Thanks to my husband, Michael Roanhorse, who sacrificed time, art, and sometimes his man-card to support me. To my daughter, who complained every time Mommy had to go write, but also drew pictures of Maggie slaying the monsters for my office wall.
Thanks to Pernell Begay for correcting my Navajo spelling and making sure I stayed in my lane. Any and all mistakes/offenses are purely mine.
Thanks to Daniel José Older, who sent me my first rejection, but then made up for it x100. You didn’t have to answer all my annoying new writer emails, but you graciously did. After you told me, very nicely, to “chill.”
Thank you to my editor, Joe Monti, my coconspirator and friend. You believed in me and in Maggie and I will always be more grateful than words can express. And know that you will never get lost on the rez again because you and your family will always be welcome in our home.
Thank you to my superagent, Sara Megibow, for having my back and helping me plan world domination. We’ve got a way to go, but we’re well-stocked with the fancy wine and I believe in us!
Thank you, Tommy Arnold, for that seriously badass cover art.
Thank you to the great people at Saga Press who worked to get this book out in the world. It takes a village, or an incredible publishing team.
And thank you, everyone that is part of the weird and wonderful world of Book Twitter, for your enthusiasm, support, and community. I am honored.
Ku’daa, ahxéhee’, thank you.
Maggie Hoskie returns in
STORM OF LOCUSTS
The Sixth World: Book Two
Read on for an excerpt.…
Four men with guns stand in my yard.
It’s just past seven in the morning, and in other places in Dinétah, in other people’s yards, men and women are breaking their fast with their families. Husbands grumble half-heartedly about the heat already starting to drag down the December morning. Mothers remind children of the newest tribal council winter water rations before sending them out to feed the sheep. Relatives make plans to get together over the coming Keshmish holiday.
But these four men aren’t here to complain about the weather or to make holiday plans. They certainly aren’t here for the pleasure of my company. They’ve come because they want me to kill something.
Only it’s my day off, so this better be good.
“Hastiin,” I greet the man on my front steps. He’s all weathered skin and hard, lean muscle in blue fatigues, skull bandanna hanging loose around his corded neck, black hair shorn skull short.
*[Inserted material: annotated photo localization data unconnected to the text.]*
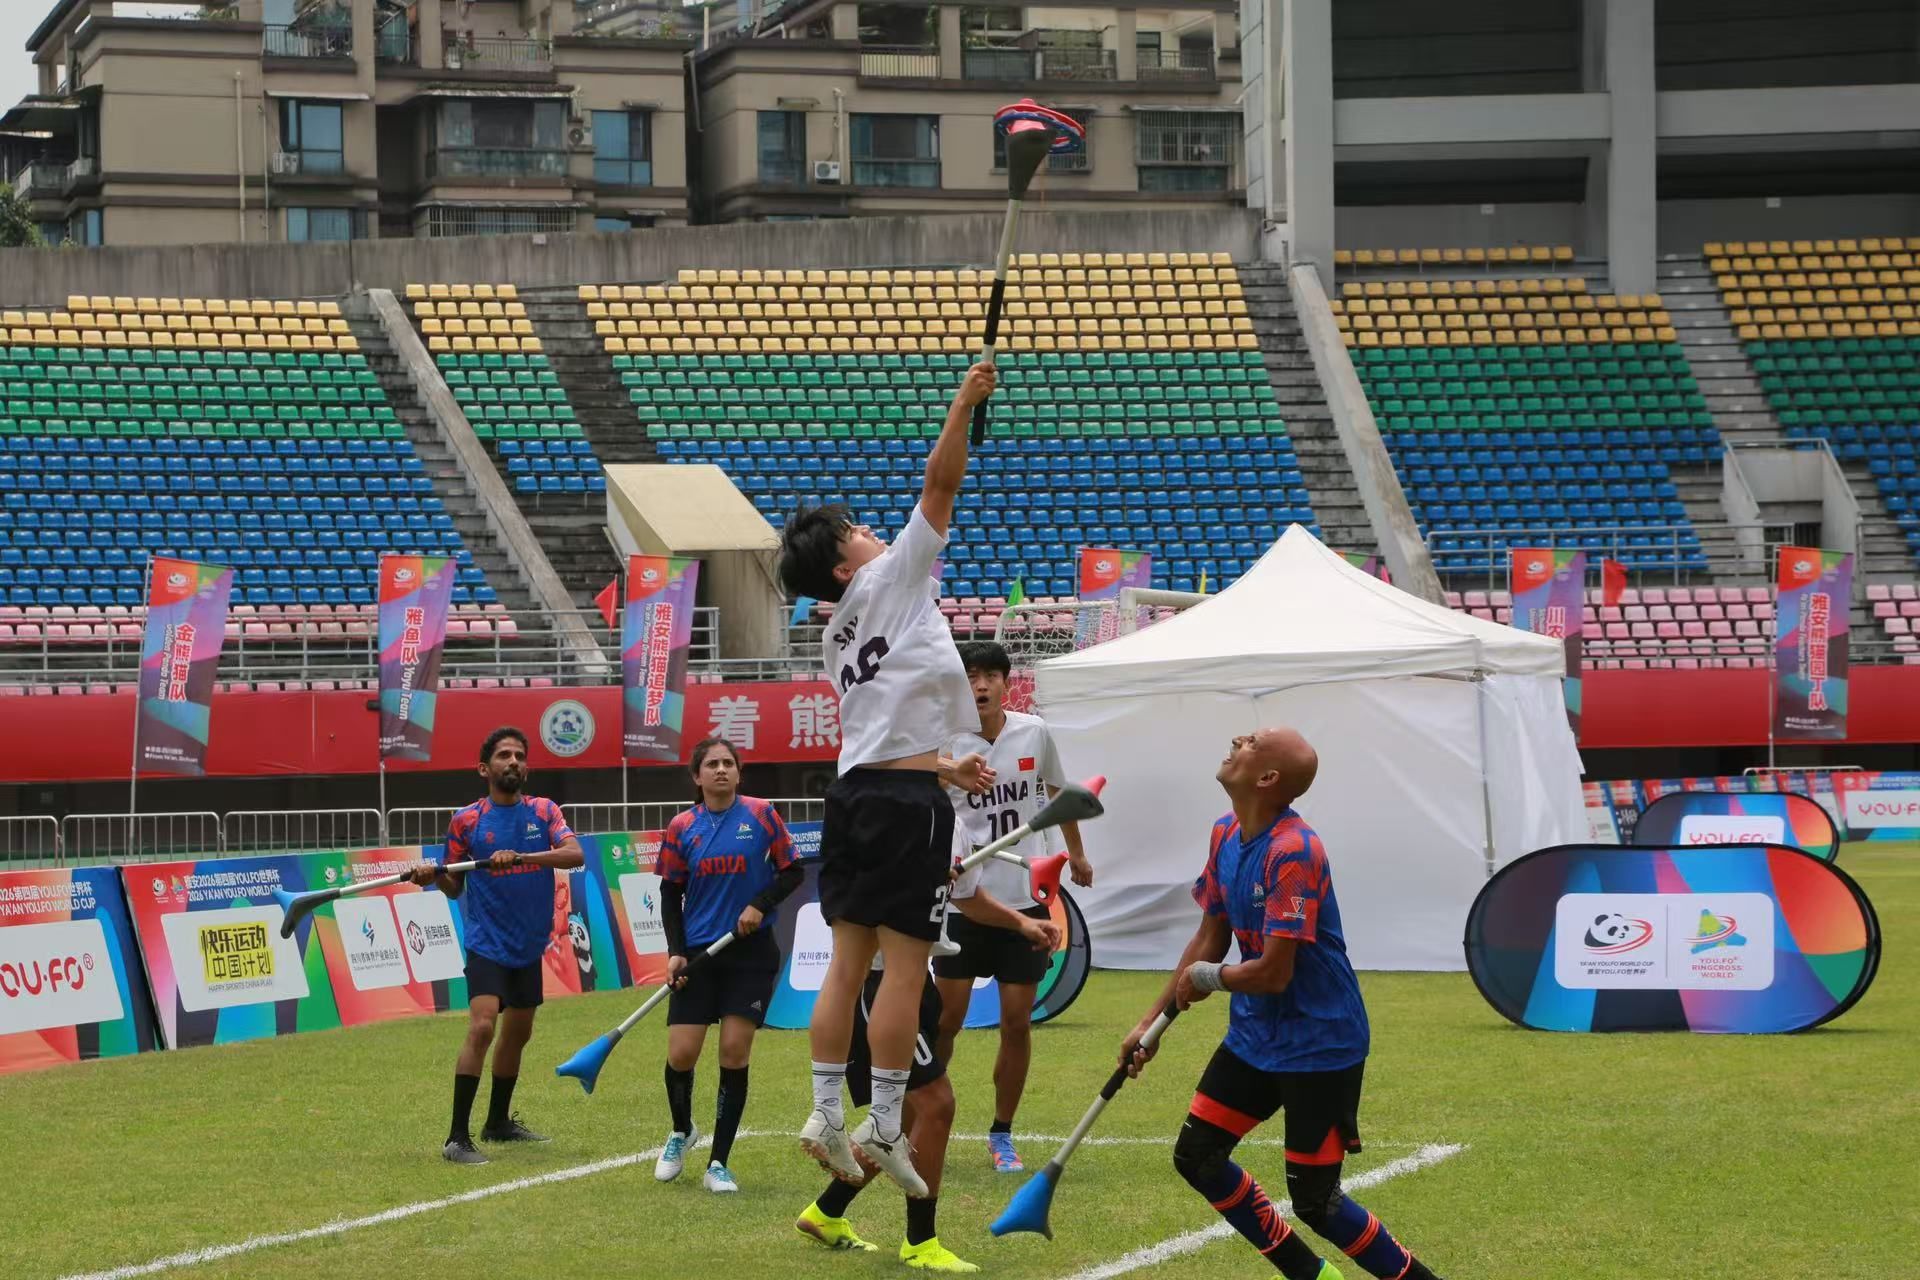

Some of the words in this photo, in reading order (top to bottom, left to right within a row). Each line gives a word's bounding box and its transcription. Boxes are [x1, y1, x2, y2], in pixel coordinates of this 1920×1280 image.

[400, 607, 424, 666] 雅鱼队
[160, 652, 171, 677] Panda
[168, 623, 196, 703] 金熊猫队
[645, 602, 673, 726] 雅安熊猫追梦队
[398, 691, 412, 720] Team
[967, 780, 1029, 810] CHINA
[987, 809, 1021, 846] 10
[51, 898, 80, 912] WORLD
[80, 897, 97, 910] CUP
[246, 885, 270, 896] WORLD
[201, 925, 267, 956] 快乐运动
[212, 951, 271, 978] 中国计划
He’s also wearing a small arsenal. An M16 over one shoulder, a monster of a Desert Eagle at his hip, another pistol in a clip holster in his waistband. And I know he’s got a knife tucked in his heavy-soled boot, the left one, and another strapped to his thigh. He didn’t used to do that, dress for a worst-case scenario. But things have changed. For both of us.
“Hoskie.” Hastiin drawls my last name out. Never my first name, Maggie, always just the last, like we’re army buddies or something. Likely his way of trying to forget he’s talking to a girl, but that’s his problem, not mine. He shifts in his big black boots, his gear jingling like tiny war bells. His fingers flex into fists.
I lean against my front door and cross my arms, patient as the desert. Stare at him until he stops fidgeting like a goddamn prom date. I’ve learned a lot about Hastiin in the last few weeks, and I know the man shakes like an aspen in the wind when he’s got something on his mind. Some remnant of breathing in too much nerve gas on the front lines of the Energy Wars way back when. Which doesn’t bode well for me. I can see my day off slipping away with the edges of the dawn. But I won’t let him have my time that easy. He’s going to have to work for it.